First-Run Saturation In L.A. and Vicinity

More Of Keeping James Dean Alive

I've guessed before that Elvis was salve for the loss of James Dean. Love Me Tender had arrived just behind Giant in 1956, a year after Dean's passing. Now for summer 1957, there was Loving You and few month's later Jailhouse Rock to see out mourning for a youth idol of whom fresh footage was finally spent with The James Dean Story. Latter was a documentary done on spec by Midwest filmmaker Robert Altman, with partner George W. George. Warners fleshed out their work and used The James Dean Story as backstop to product that wouldn't sustain bills alone. I checked Varietyand found for most part that it played as second feature to The Black Scorpion, latest of yearly monsters WB sold with help of TV saturation directed at kids with quarters and nothing better to do with them. Dean was a known adjunct to thrill bills, having been "materialized" at spook shows where his image was projected onscreen as conjurers on stage called for him to speak from beyond. Time for reverence had thus past, so what more fitting than to pair last theatrical glimpse of Jimmy with jumbo arachnids as advertised on TV?

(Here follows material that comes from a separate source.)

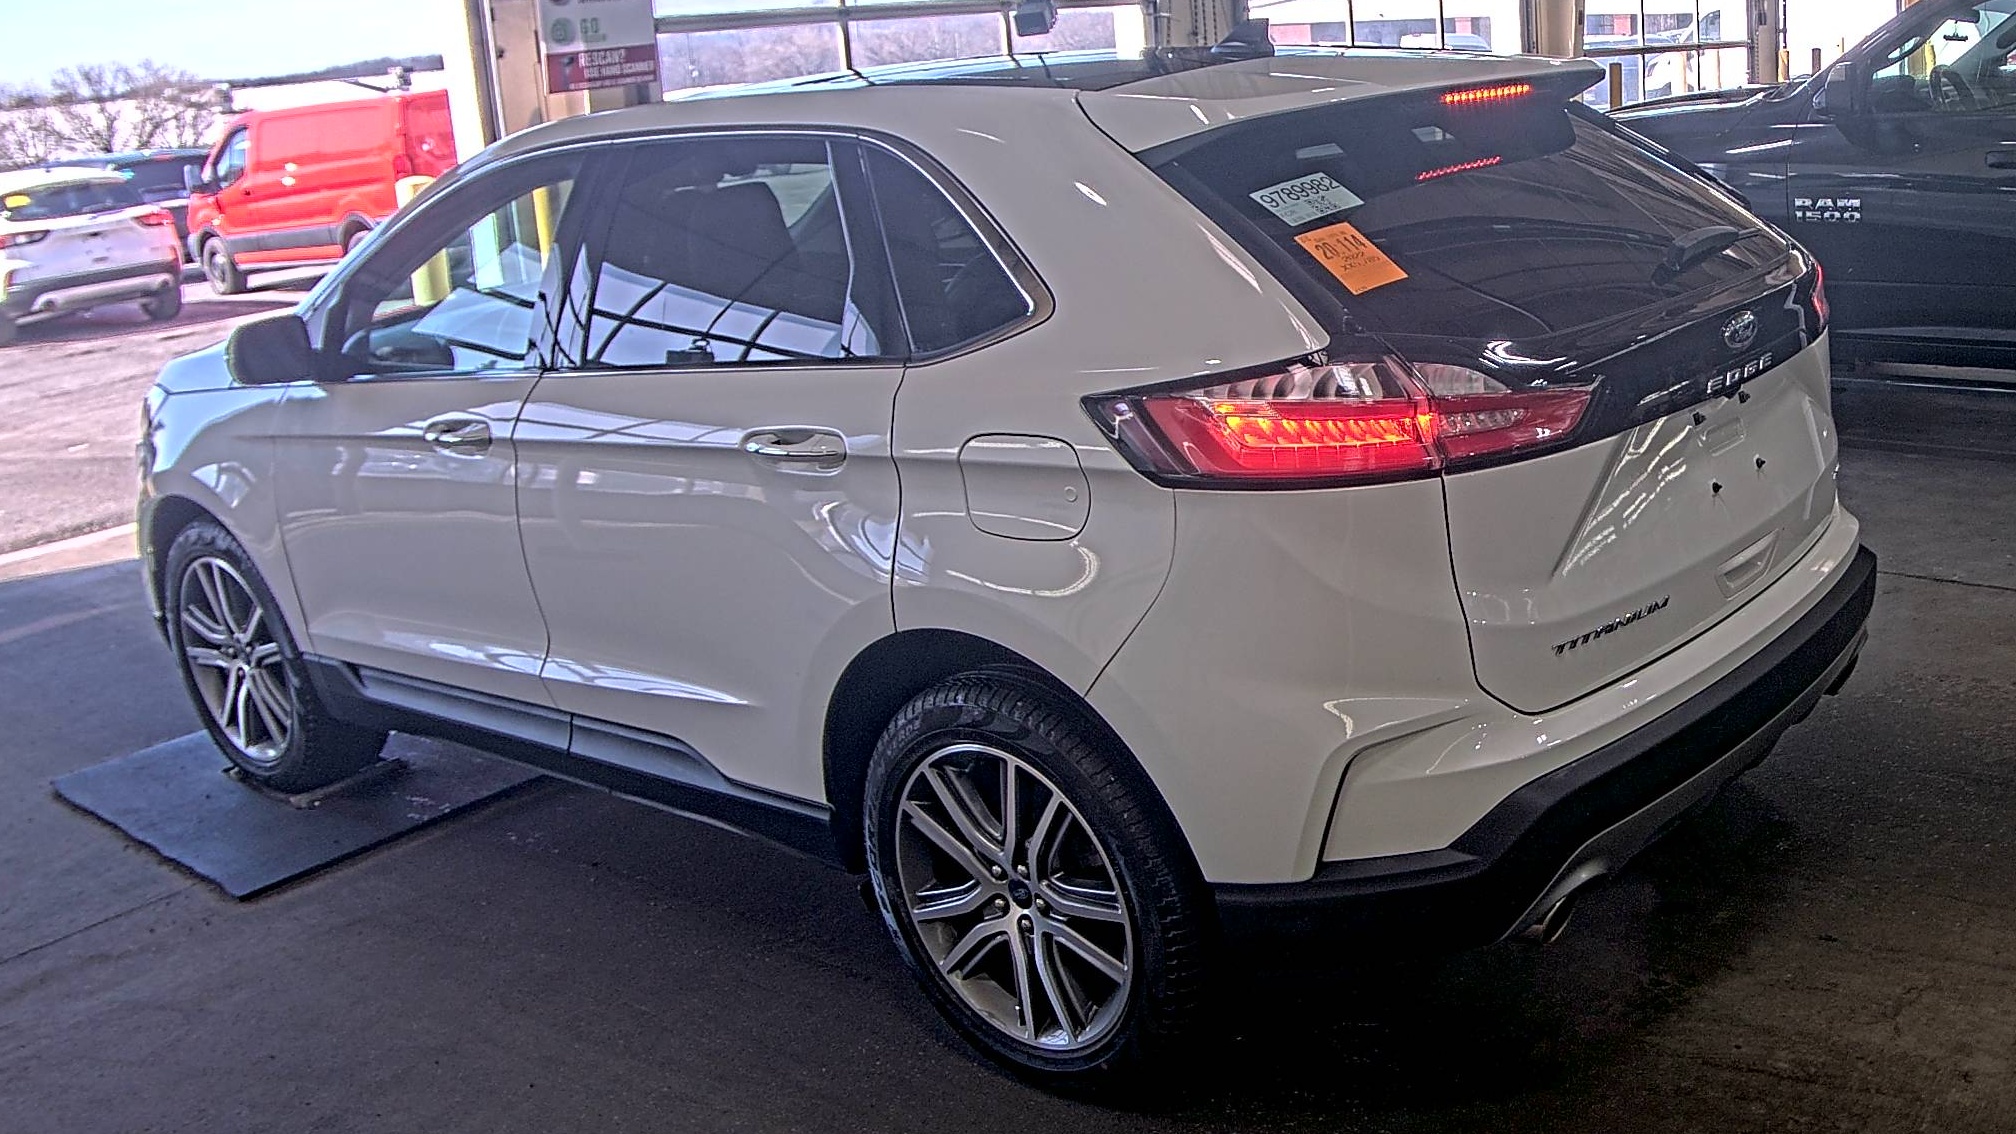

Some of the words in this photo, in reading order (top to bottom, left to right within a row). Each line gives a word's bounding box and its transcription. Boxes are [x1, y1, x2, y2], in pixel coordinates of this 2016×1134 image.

Impressive L.A. Showcase, Including Stand At the Egyptian, For Revived Pair


James Dean is for me the most fascinating personality to come forth in the 50's, both for how he was sold and the impact he had. Alec Baldwin and his "Essentials" guest David Letterman hashed over Dean this past weekend on TCM, where East Of Eden was shown to maximum benefit of true HD. This was not how most people of their age group saw East Of Eden, or Rebel Without A Cause, for the first time. I'm surprised Dean gathered new admirers after these films were sold to television in 1960-61, so brutally compromised as they were. Neither played network, first-runs on local stations likelier as late shows than primetime (owl slots for first-run of both in our Charlotte viewing market). A couple of generations discovered James Dean in this reduced circumstance, making it hard to realize how dynamic and lovely East Of Eden and Rebel Without A Cause had once been on wide screens. Chances are Baldwin and Letterman caught them first, during youth, on the harsh, square box, as others of us did. That lingering impression could be why Letterman expressed some reservation about Dean's performance in East Of Eden. He wouldn't have had opportunity to optimum-see the film until years after it first appeared on television.



I watched some of Eden after Baldwin/Letterman's intro. There was an overture, which I assume played at key 1955 dates ahead of Eden credits. Listening made me realize that it was Leonard Rosenman's music that put much of sting in James Dean's tail. There had not been a score quite like it --- emotional, modern yet symphonic in a way to please those of an older school. Four-track stereo no doubt cut right to nerve of listeners. It still conditions us for something powerful. Rosenman was kept on to score Rebel Without A Cause. I'd say much of magic we call James Dean came of this man's music. East Of Eden and Rebel Without A Cause are like two movements of a Rosenman concert. I don't wonder that there was a record album issued in 1956, part of ongoing "tribute" to departed Dean. Eden and Rebel as a double feature filled seats that year as fully as new releases, one of handful of occasions when a revived pair went ideally together. Edenhad gone out with Battle Cry in early '56 as first swing at the post-mortem Dean fence, but it was with Rebel later that year, and through 1957, where wickets lit up. They still play nicely in tandem.